Observability Vertical Part 1 - Collecting Metrics with Docker Compose

Viktor Vasylkovskyi•May 11, 2026

Series: Building a self-hosted observability stack from scratch

You just shipped something. It's running in production — a VPS, a cheap cloud box, maybe a few containers on a Hetzner instance. And you have no idea what it's actually doing.

Is memory climbing? Is that container silently restarting? Is the disk going to fill up at 3am?

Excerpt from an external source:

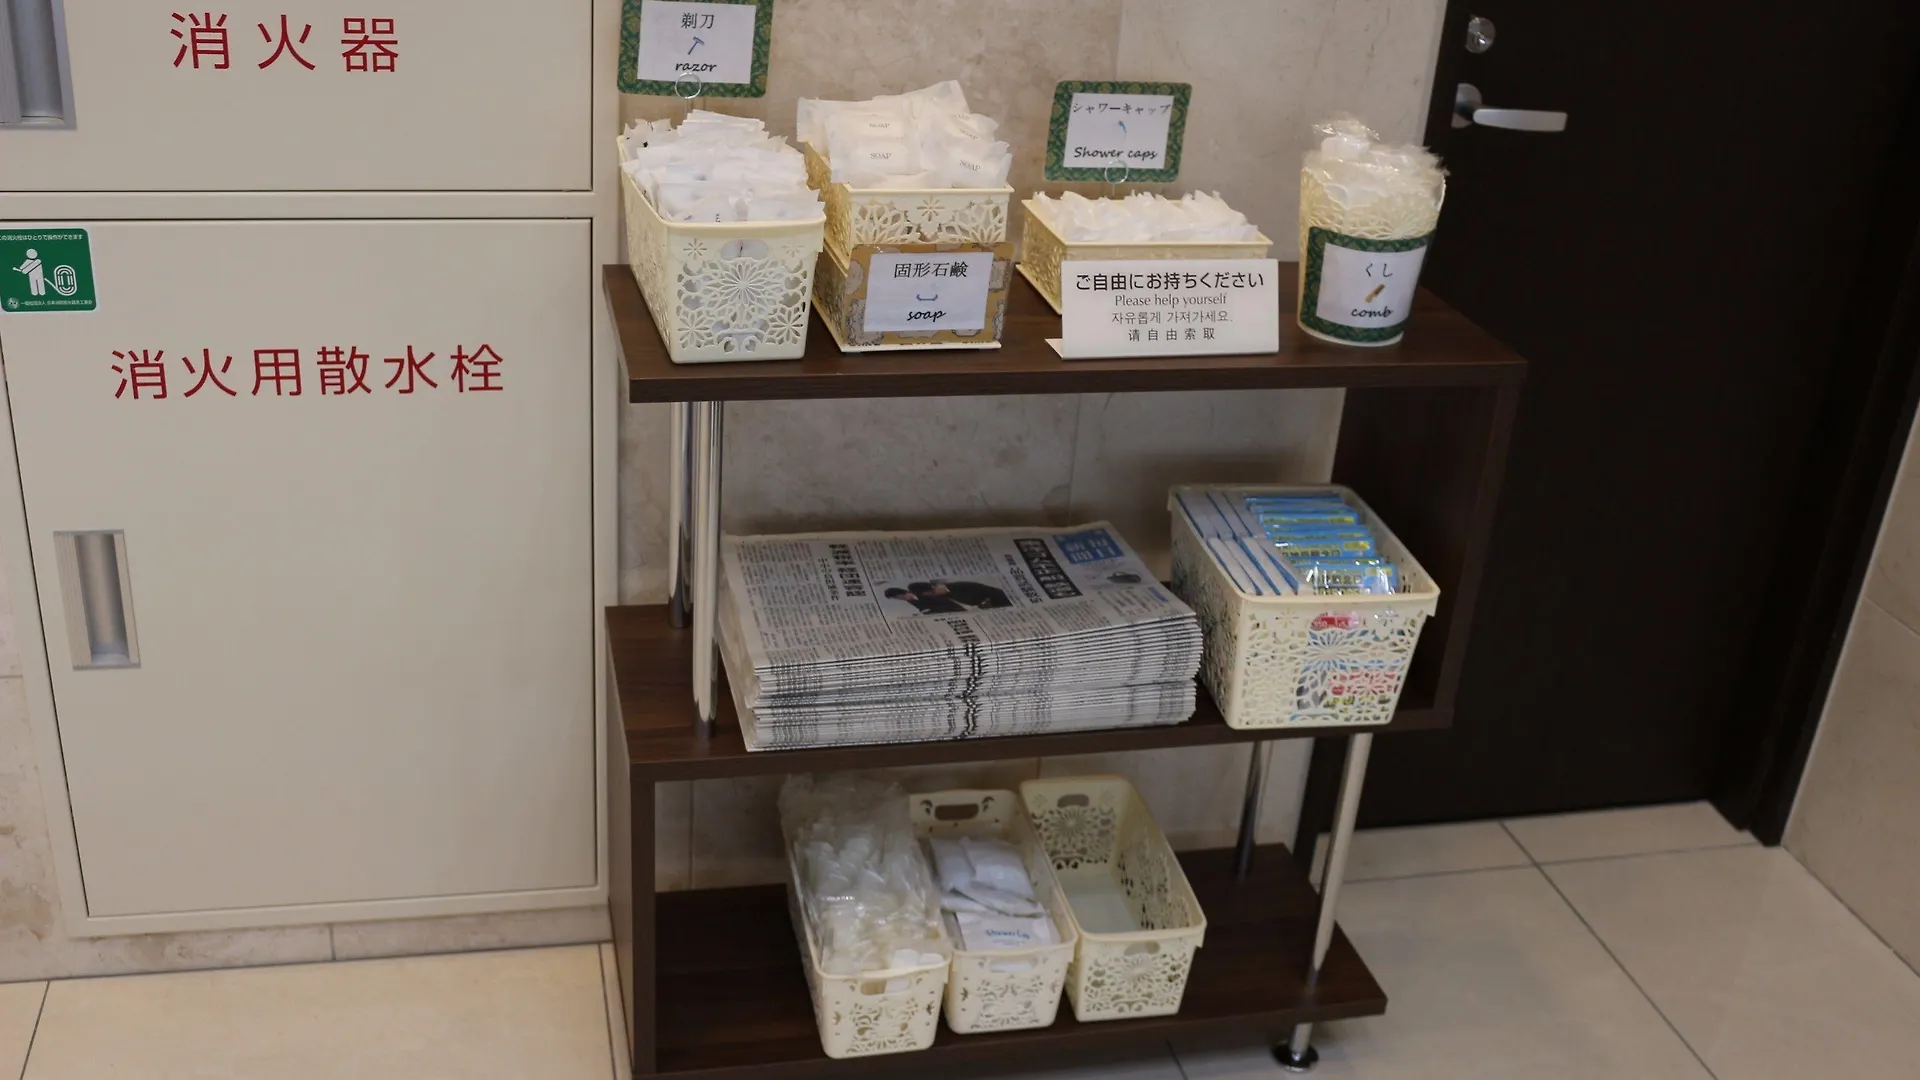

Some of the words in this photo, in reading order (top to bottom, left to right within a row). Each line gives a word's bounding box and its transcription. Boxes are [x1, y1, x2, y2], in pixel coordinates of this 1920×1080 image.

This post walks you through assembling a complete metrics collection stack on a single machine using Docker Compose. No cloud vendor lock-in, no per-seat pricing, no managed service. Just four containers, a config file, and full visibility into your infrastructure.

By the end you'll have:

Grafana Alloy collecting metrics from your host and containers
Prometheus storing them
Node Exporter exposing host metrics (CPU, memory, disk, network)
cAdvisor exposing container metrics
Grafana visualising everything with dashboards

Why this stack

There are hosted options — Grafana Cloud, Datadog, New Relic. They're good products. They're also $X/month per host, with per-metric pricing that surprises you at invoice time.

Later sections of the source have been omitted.